(Data extracted from a collection)
___
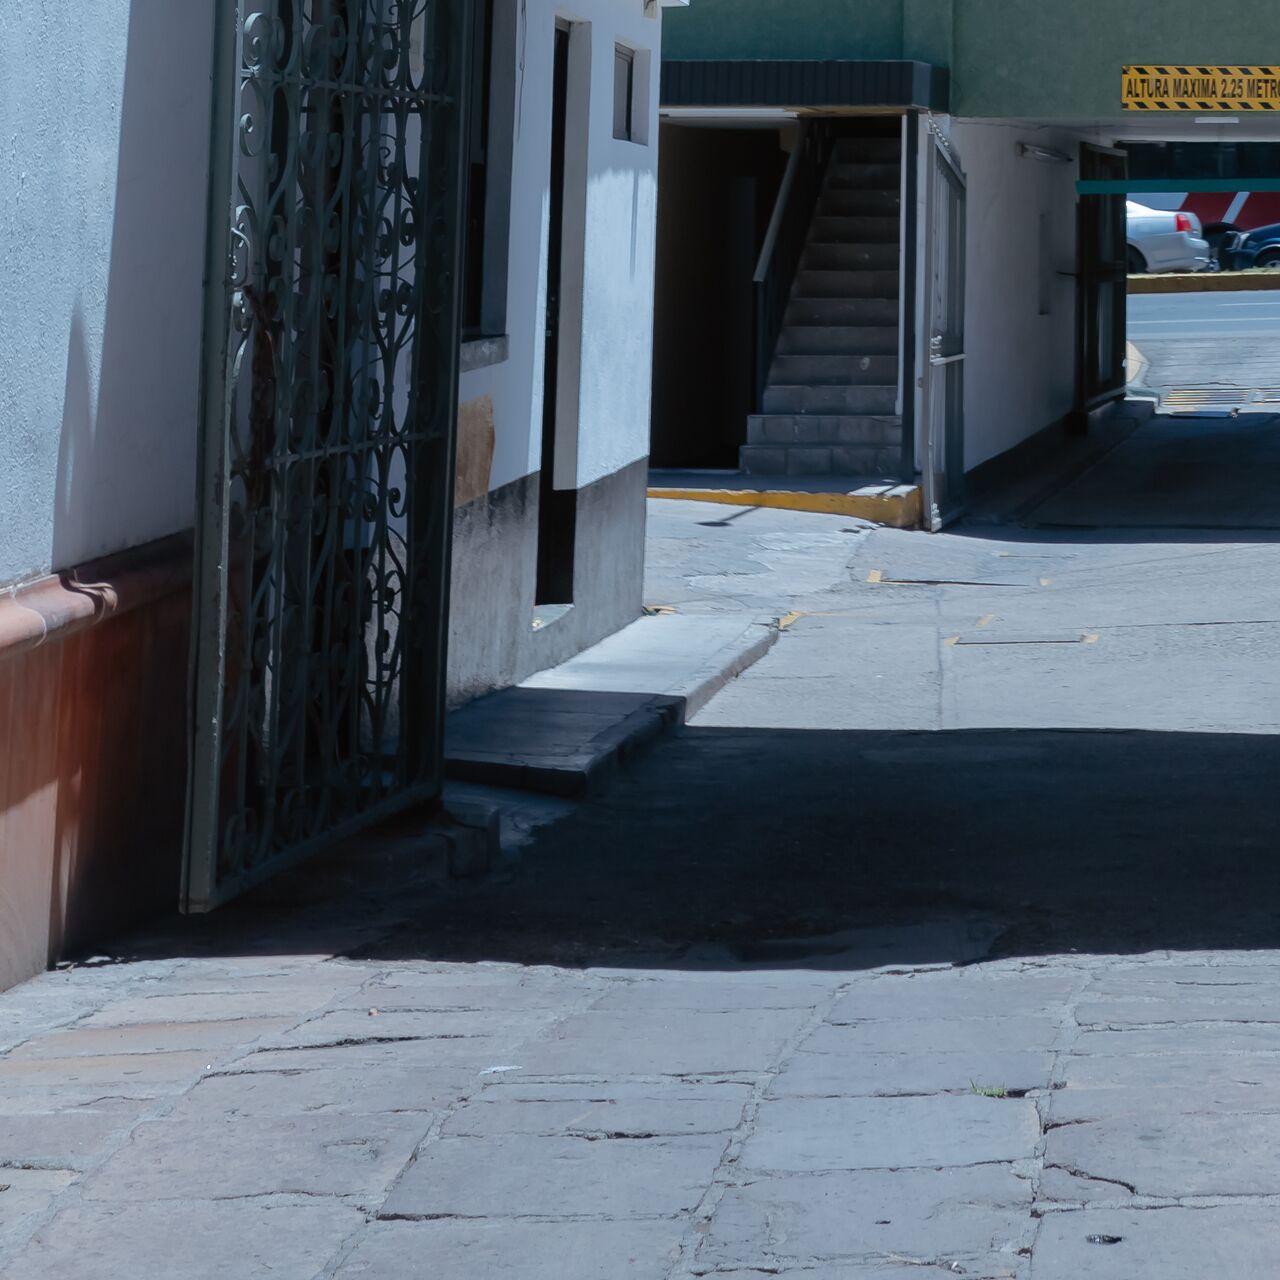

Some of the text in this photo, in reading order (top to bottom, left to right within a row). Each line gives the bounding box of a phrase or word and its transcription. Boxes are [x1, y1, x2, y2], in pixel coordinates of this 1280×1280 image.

[1126, 78, 1169, 98] ALTURA
[1172, 78, 1218, 98] MAXIMA
[1220, 78, 1244, 98] 2.25
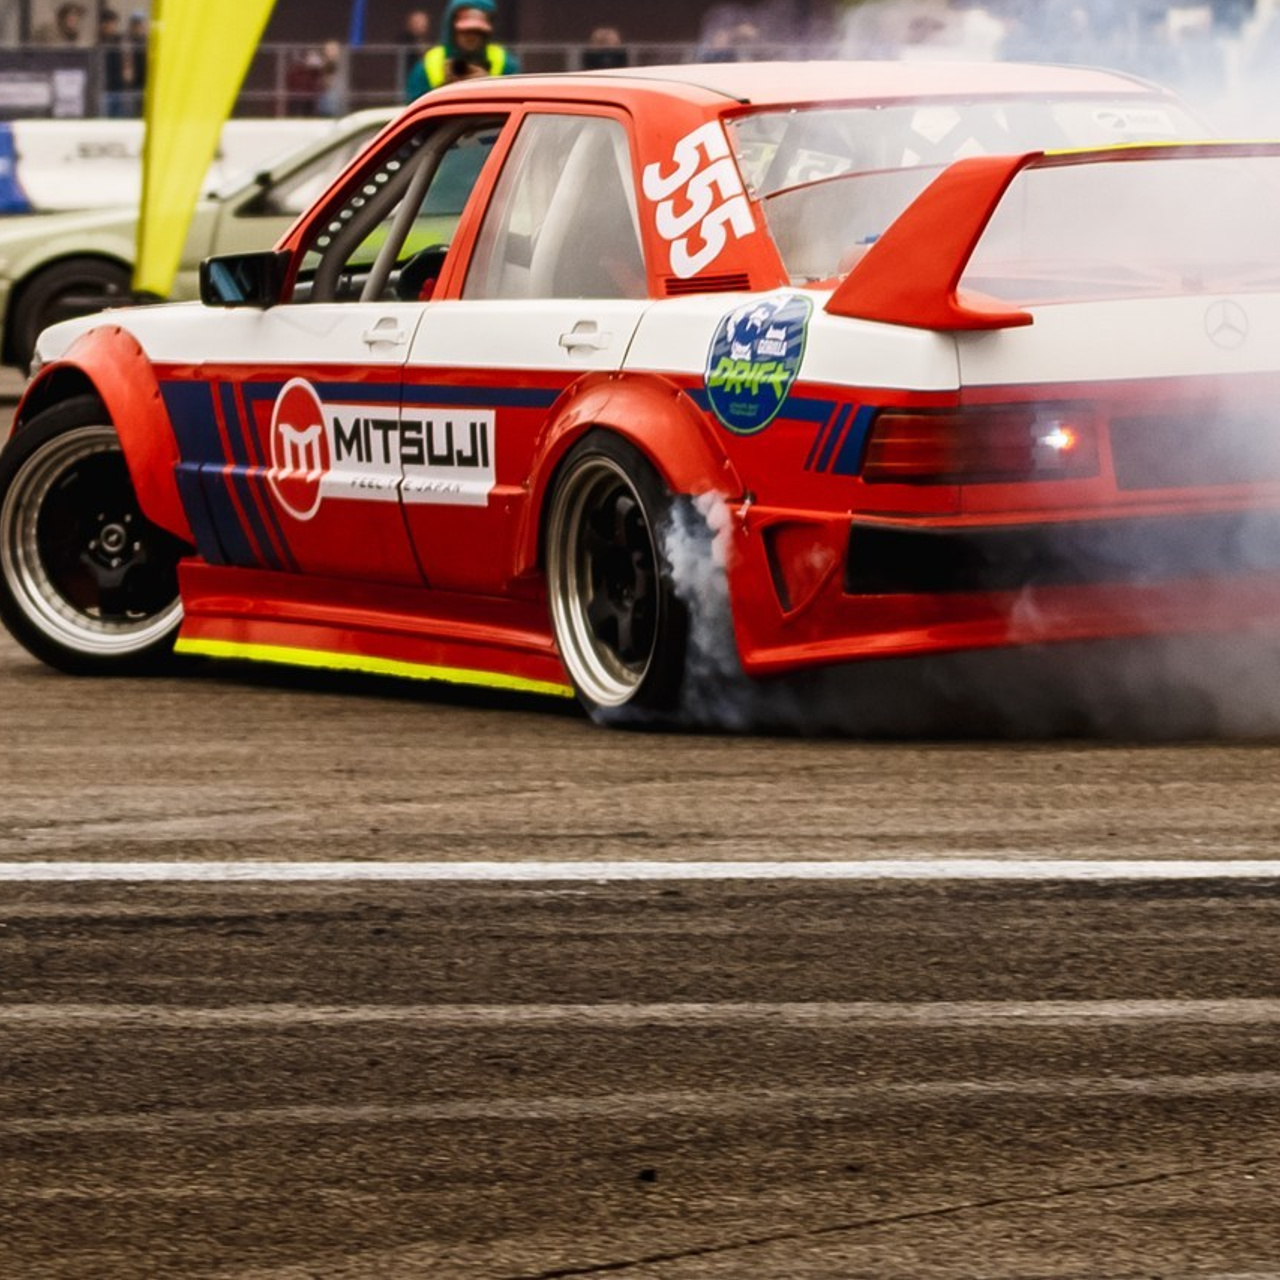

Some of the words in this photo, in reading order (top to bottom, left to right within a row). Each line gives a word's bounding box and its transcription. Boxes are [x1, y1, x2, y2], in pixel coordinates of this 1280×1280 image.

[642, 121, 755, 278] 555
[709, 356, 790, 399] DRIFT
[333, 417, 489, 468] MITSUJI
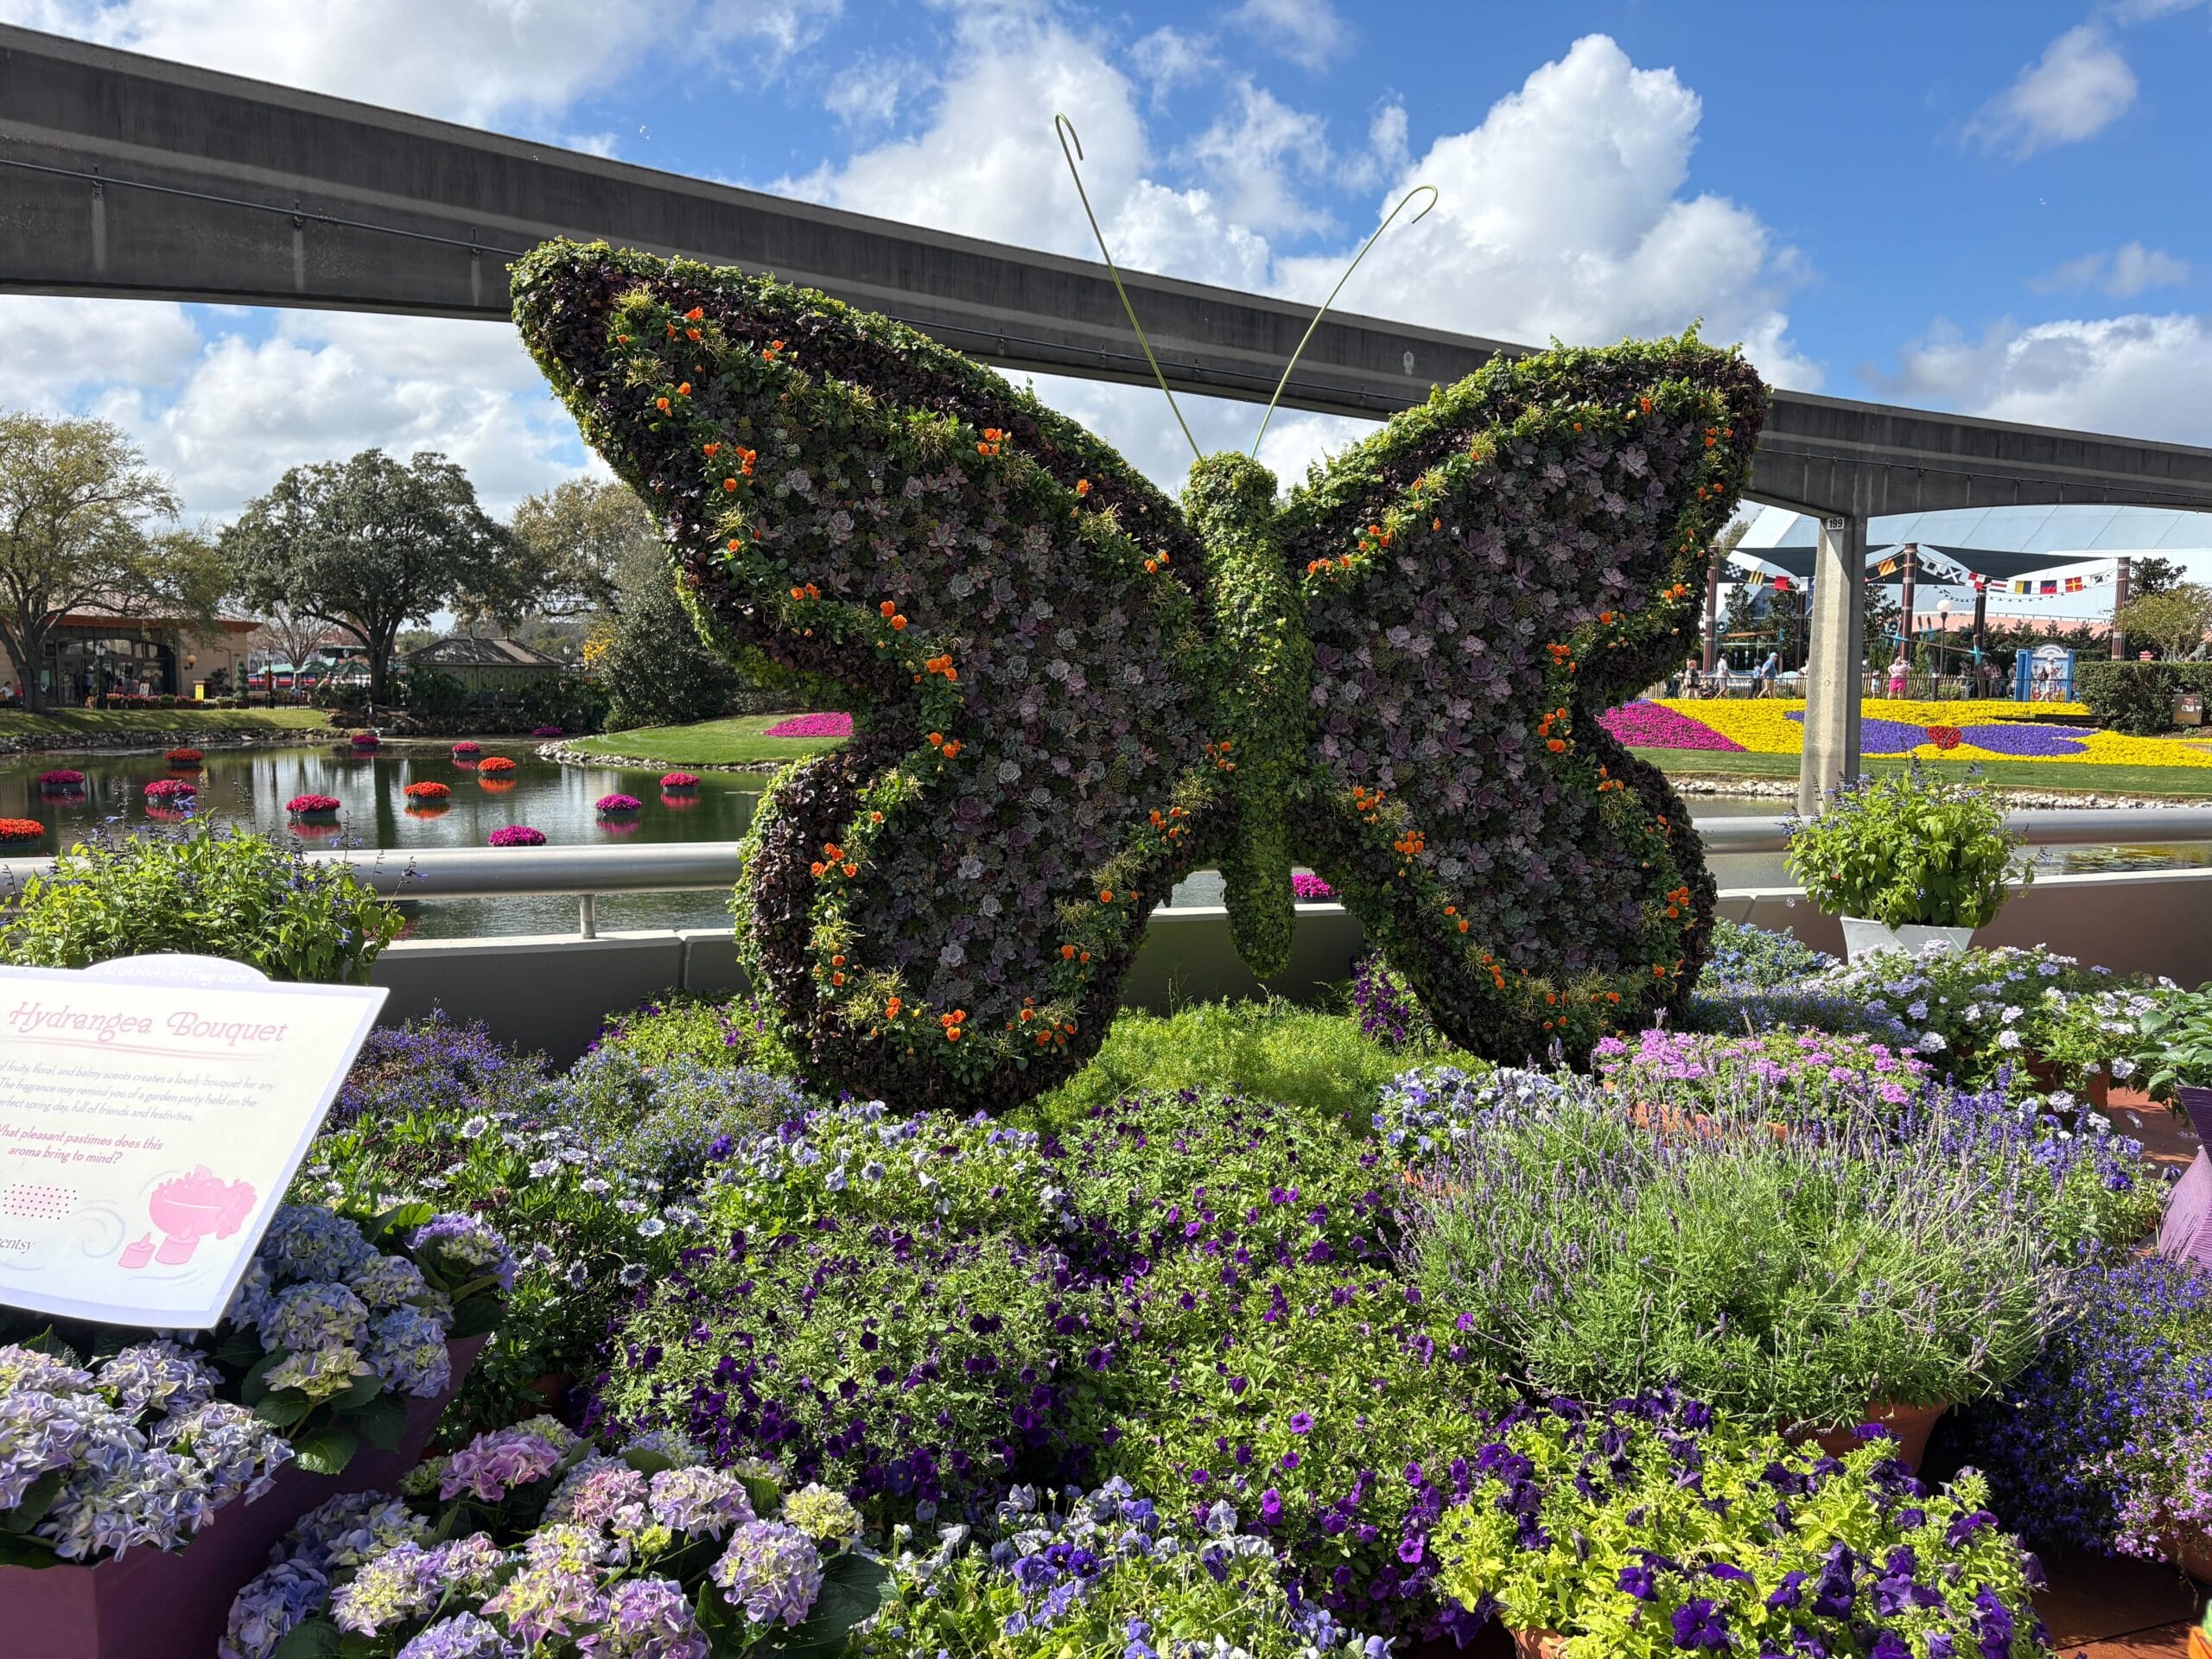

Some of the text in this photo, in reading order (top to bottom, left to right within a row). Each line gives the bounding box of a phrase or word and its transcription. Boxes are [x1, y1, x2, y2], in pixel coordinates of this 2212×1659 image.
___
- _Goal of the exercise_
Please set the records down again exactly as written. The pictures should not be included.

- _Solution_
Some of the text in this photo, in reading order (top to bottom, left to right within a row). Each line gives the bounding box of a phrase or word and its transcription. Boxes are [x1, y1, x2, y2], in pixel coordinates of this 1280×1280 image.

[1126, 78, 1169, 98] ALTURA
[1172, 78, 1218, 98] MAXIMA
[1220, 78, 1244, 98] 2.25

Some of the words in this photo, in reading order (top to bottom, left to right within a row). Each line gives a word's bounding box and its transcription. Boxes are [x1, y1, x2, y2], in pixel coordinates of this 1280×1280 image.

[642, 121, 755, 278] 555
[709, 356, 790, 399] DRIFT
[333, 417, 489, 468] MITSUJI

Some of the text in this photo, in reading order (top to bottom, left to right within a row). Each line gives the bounding box of a phrase or word and its transcription. Boxes are [x1, y1, x2, y2], in pixel coordinates of this 2212×1659 image.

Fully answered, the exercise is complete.